Usually when reforms like this are introduced existing recipients are protected. Doing so would still yield significant savings by 2029/30. Each year around 40,000 recipients would see their claims terminated at the two-year cut-off and a similar number of long-term recipients would flow off the benefit (the chart shows how 20,000 recipients leave the benefit annually just by reaching pension age). If the time limit was introduced next year the number of long-term recipients would fall by around two-fifths by the end of the decade. This would represent an £800 million saving by 2029/30 - and more could be freed up by freezing payments in cash terms or including legacy recipients in any wider plans for assessment reform.
As an option for benefit reform a time-limit on ESA is far from ideal. It will have real-world consequences for people who, while not on the breadline, are still sick and out of work. But it is a better way of saving money from health benefits than most of the alternatives.
Benefit expenditure and caseload tables, Autumn 2024
Welfare trends report, OBR 2024
Households below average incomes, 2022/23. Deciles of net household income after housing costs, adjusted for household composition
Welfare trends report, OBR 2024
The replacement of DLA by PIP did not lead to the expected decline in cases. Changes to entitlements linked to ESA’s lower level of disability led to more people ending up in the higher category. The last time a reform significantly reduced access was the introduction of the work capability assessment by the 1997-2010 Labour government.

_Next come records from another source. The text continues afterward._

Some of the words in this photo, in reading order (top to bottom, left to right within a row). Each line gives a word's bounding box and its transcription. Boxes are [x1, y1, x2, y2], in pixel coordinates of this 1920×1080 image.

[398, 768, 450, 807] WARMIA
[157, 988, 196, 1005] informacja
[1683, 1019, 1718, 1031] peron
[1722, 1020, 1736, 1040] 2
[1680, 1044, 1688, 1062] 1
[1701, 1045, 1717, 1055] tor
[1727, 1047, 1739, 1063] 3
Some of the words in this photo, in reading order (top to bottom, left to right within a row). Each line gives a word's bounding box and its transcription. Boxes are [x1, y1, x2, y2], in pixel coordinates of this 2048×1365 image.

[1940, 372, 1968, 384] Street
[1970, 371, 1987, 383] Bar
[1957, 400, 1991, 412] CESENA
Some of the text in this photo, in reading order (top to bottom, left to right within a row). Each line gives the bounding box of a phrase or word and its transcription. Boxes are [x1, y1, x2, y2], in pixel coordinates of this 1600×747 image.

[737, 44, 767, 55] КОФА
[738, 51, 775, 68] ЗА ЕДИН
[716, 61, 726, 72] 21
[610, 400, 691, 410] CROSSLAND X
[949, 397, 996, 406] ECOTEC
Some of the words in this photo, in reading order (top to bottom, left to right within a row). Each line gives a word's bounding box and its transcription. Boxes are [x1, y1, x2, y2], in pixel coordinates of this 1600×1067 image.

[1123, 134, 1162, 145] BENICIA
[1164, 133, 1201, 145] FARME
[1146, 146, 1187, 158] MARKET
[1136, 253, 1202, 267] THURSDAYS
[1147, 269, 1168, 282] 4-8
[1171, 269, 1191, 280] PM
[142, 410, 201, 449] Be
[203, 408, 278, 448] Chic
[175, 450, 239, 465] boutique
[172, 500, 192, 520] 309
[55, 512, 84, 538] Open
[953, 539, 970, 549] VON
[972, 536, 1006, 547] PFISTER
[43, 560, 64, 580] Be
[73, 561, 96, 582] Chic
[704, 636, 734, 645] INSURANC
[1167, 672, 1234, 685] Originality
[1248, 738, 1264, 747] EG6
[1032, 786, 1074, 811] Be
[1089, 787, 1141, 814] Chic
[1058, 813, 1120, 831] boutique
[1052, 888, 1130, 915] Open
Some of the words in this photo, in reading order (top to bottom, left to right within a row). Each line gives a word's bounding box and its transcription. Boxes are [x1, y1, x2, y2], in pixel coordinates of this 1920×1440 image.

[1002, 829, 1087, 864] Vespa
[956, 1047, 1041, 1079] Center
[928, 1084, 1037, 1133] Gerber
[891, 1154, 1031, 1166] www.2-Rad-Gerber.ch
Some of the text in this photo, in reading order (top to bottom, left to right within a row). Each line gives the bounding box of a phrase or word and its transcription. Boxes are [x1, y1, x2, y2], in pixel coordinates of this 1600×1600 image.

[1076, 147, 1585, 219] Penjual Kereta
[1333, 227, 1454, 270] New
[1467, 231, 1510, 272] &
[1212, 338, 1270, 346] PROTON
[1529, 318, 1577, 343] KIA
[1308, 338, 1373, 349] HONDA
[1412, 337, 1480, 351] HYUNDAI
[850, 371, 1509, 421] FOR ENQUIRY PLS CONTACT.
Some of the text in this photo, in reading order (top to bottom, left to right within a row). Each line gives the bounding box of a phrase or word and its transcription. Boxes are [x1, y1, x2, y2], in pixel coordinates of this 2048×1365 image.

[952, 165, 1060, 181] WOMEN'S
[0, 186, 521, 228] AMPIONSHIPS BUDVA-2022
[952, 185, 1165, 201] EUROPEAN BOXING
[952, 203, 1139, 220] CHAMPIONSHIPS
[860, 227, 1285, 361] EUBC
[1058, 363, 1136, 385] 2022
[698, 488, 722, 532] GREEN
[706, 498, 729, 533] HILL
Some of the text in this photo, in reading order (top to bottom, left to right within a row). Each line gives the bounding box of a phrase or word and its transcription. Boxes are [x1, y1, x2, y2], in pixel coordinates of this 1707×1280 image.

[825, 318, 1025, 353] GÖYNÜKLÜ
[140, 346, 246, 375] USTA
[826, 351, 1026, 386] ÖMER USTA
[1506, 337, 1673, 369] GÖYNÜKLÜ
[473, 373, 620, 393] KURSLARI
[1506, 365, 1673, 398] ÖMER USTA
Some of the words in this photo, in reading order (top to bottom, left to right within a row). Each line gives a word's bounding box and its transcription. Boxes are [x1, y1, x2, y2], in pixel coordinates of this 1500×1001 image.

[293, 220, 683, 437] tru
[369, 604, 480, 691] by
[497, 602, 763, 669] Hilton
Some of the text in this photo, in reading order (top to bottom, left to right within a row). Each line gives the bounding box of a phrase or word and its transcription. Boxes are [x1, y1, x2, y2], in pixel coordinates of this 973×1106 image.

Households below average incomes, 2022/23. The rate of poverty for households receiving ESA who do not receive UC or equivalent is 22 per cent, compared to 21 per cent for all working-age adults.
Author’s calculations. Projected ESA expenditure for 2029/30 is £4.66bn. 66% of recipients are not projected to be on UC in 2029/30. In 2024 73% of recipients of ESA without a means-tested elements were in receipt for over 2 years. A one-year-time-limit would save an additional £300m. Sources: Benefit expenditure and caseload tables, Autumn 2024 and ESA statistics, stat-xplore, DWP 2025.